Print the records exactly as written, and let no picture into the answer.
___
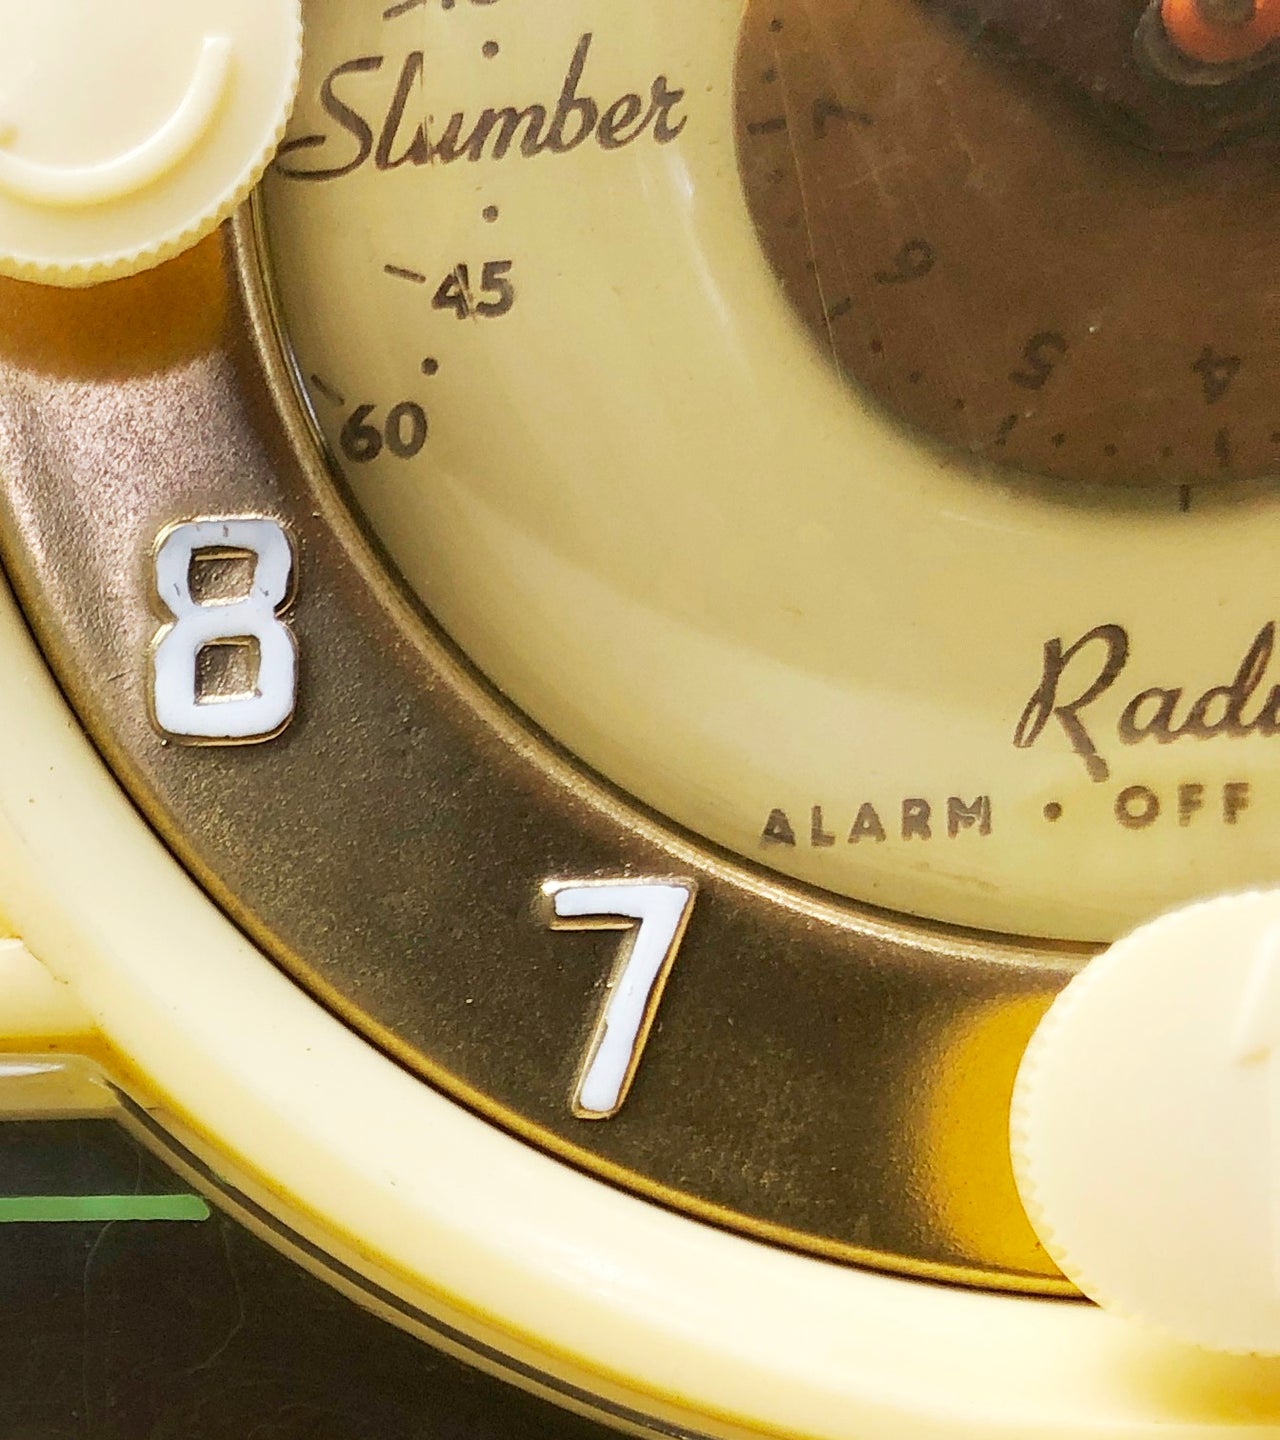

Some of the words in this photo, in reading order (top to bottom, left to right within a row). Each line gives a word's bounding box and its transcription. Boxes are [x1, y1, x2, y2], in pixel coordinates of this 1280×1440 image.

[276, 32, 688, 182] Slumber
[431, 261, 513, 319] 45
[338, 402, 429, 463] 60
[149, 514, 299, 745] 8
[758, 795, 993, 848] ALARM
[1114, 782, 1251, 829] OFF
[543, 874, 698, 1120] 7
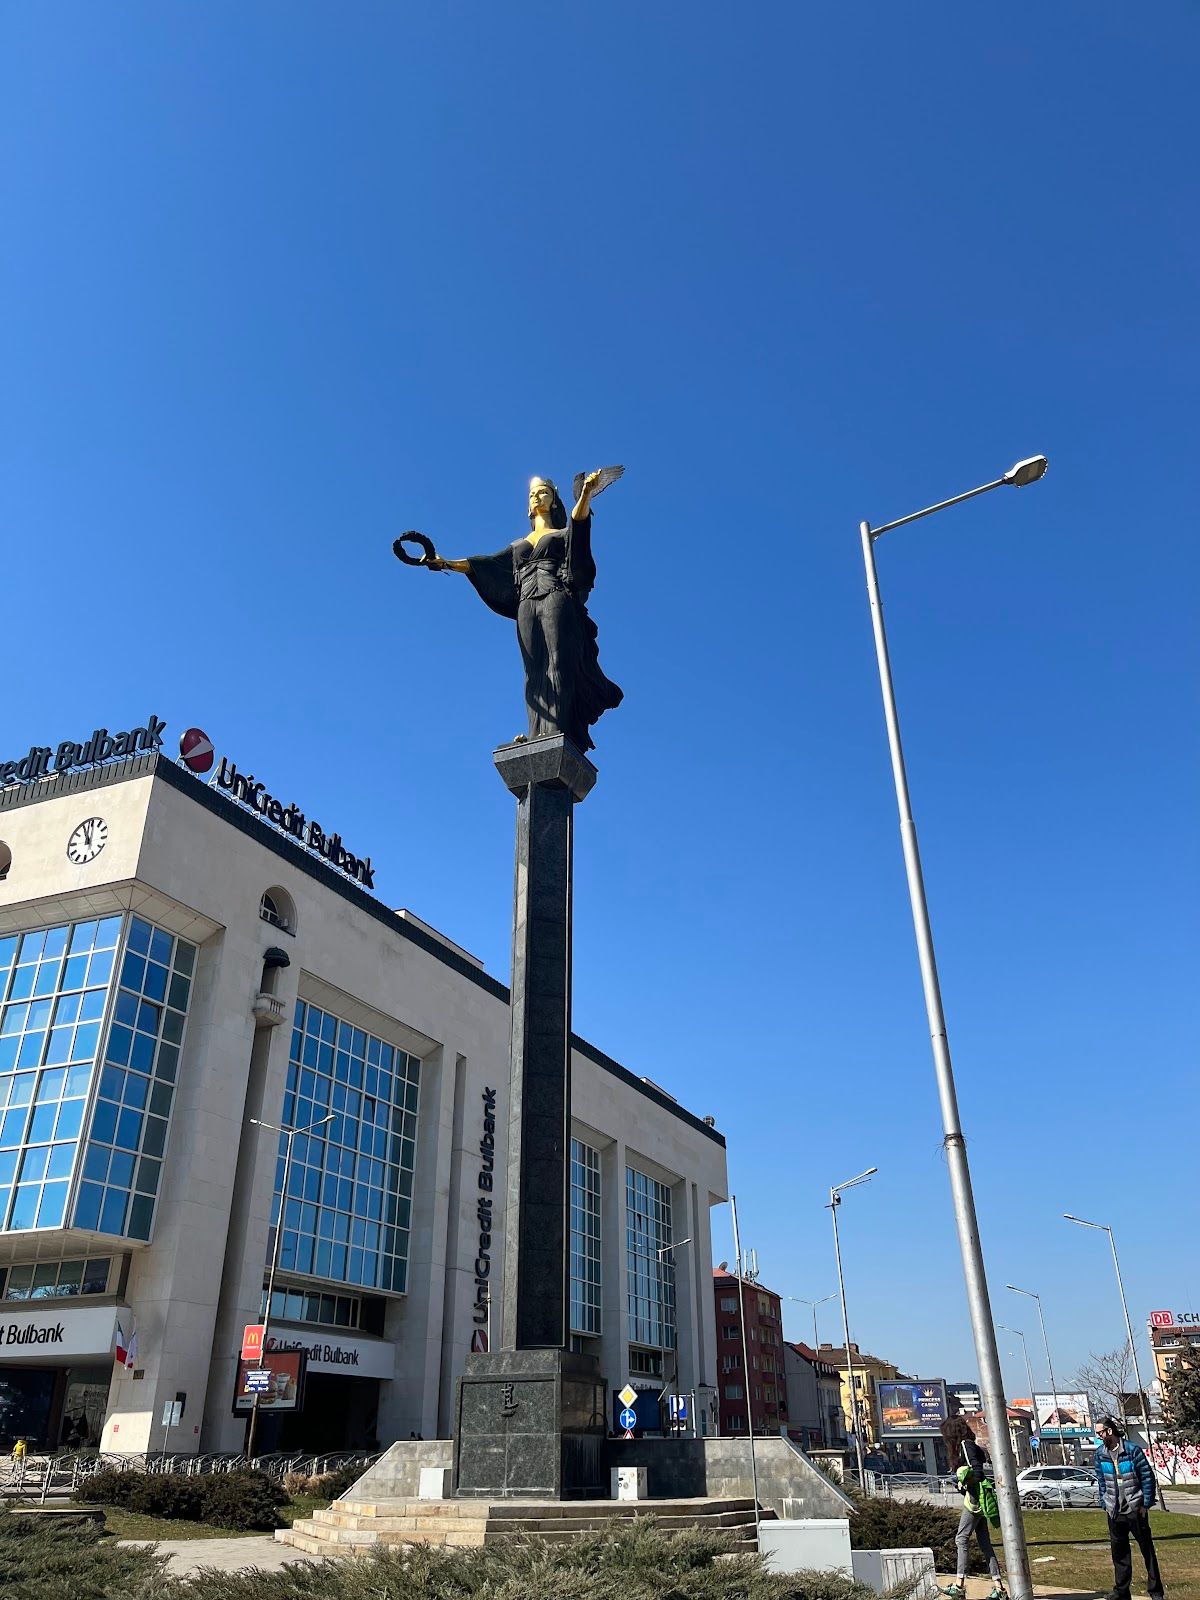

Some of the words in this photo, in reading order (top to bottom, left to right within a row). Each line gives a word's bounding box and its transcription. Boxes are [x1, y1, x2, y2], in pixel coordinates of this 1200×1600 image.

[54, 714, 167, 771] Bulbank
[217, 756, 307, 840] UniCredit
[308, 820, 376, 890] Bulbank
[478, 1086, 497, 1193] Bulbank
[473, 1197, 493, 1324] UniCredit
[6, 1322, 65, 1345] Bulbank
[1153, 1313, 1171, 1325] DB
[1177, 1313, 1200, 1323] SCH
[323, 1345, 359, 1366] Bulbank
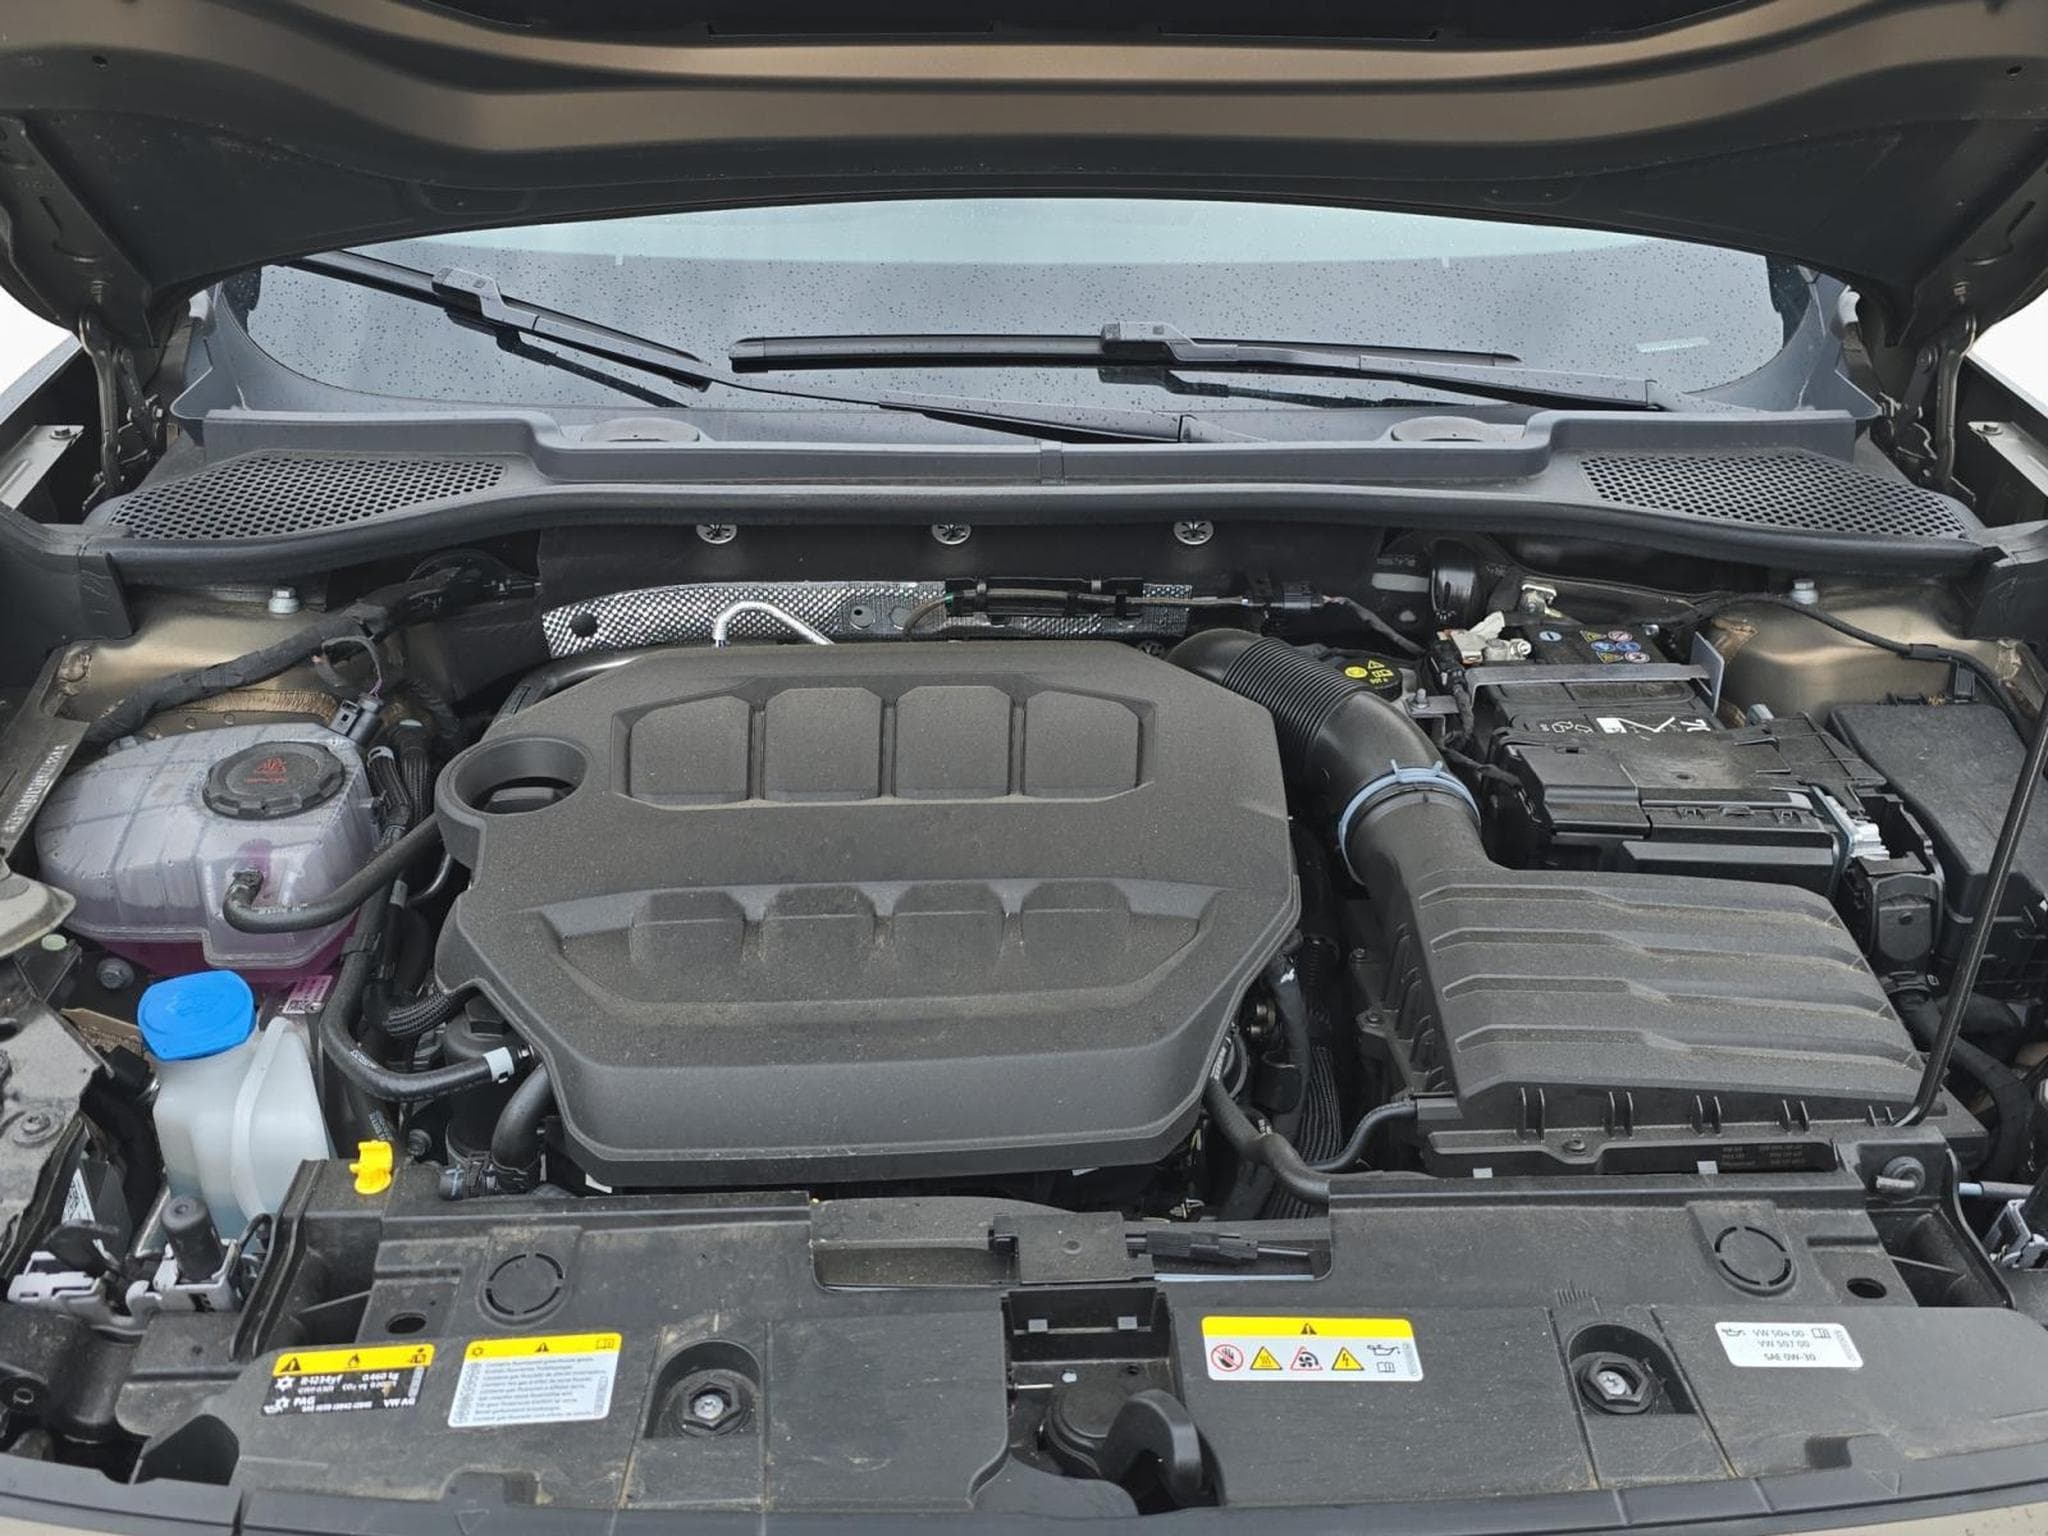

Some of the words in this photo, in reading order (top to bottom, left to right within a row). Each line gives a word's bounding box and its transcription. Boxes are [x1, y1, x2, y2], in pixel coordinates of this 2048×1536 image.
___
REPLY TO THE EXERCISE:
Some of the words in this photo, in reading order (top to bottom, left to right within a row). Each line gives a word's bounding box and its transcription. Boxes are [x1, y1, x2, y2], in pixel coordinates of this 1280×1440 image.

[276, 32, 688, 182] Slumber
[431, 261, 513, 319] 45
[338, 402, 429, 463] 60
[149, 514, 299, 745] 8
[758, 795, 993, 848] ALARM
[1114, 782, 1251, 829] OFF
[543, 874, 698, 1120] 7

Some of the words in this photo, in reading order (top to bottom, left to right within a row). Each line gives a word's bounding box and its transcription. Boxes are [x1, y1, x2, y2], in pixel coordinates of this 1200×1600 image.

[54, 714, 167, 771] Bulbank
[217, 756, 307, 840] UniCredit
[308, 820, 376, 890] Bulbank
[478, 1086, 497, 1193] Bulbank
[473, 1197, 493, 1324] UniCredit
[6, 1322, 65, 1345] Bulbank
[1153, 1313, 1171, 1325] DB
[1177, 1313, 1200, 1323] SCH
[323, 1345, 359, 1366] Bulbank

Some of the words in this photo, in reading order (top to bottom, left to right within a row). Each line gives a word's bounding box and its transcription. Boxes are [x1, y1, x2, y2], in pixel coordinates of this 2048×1536 image.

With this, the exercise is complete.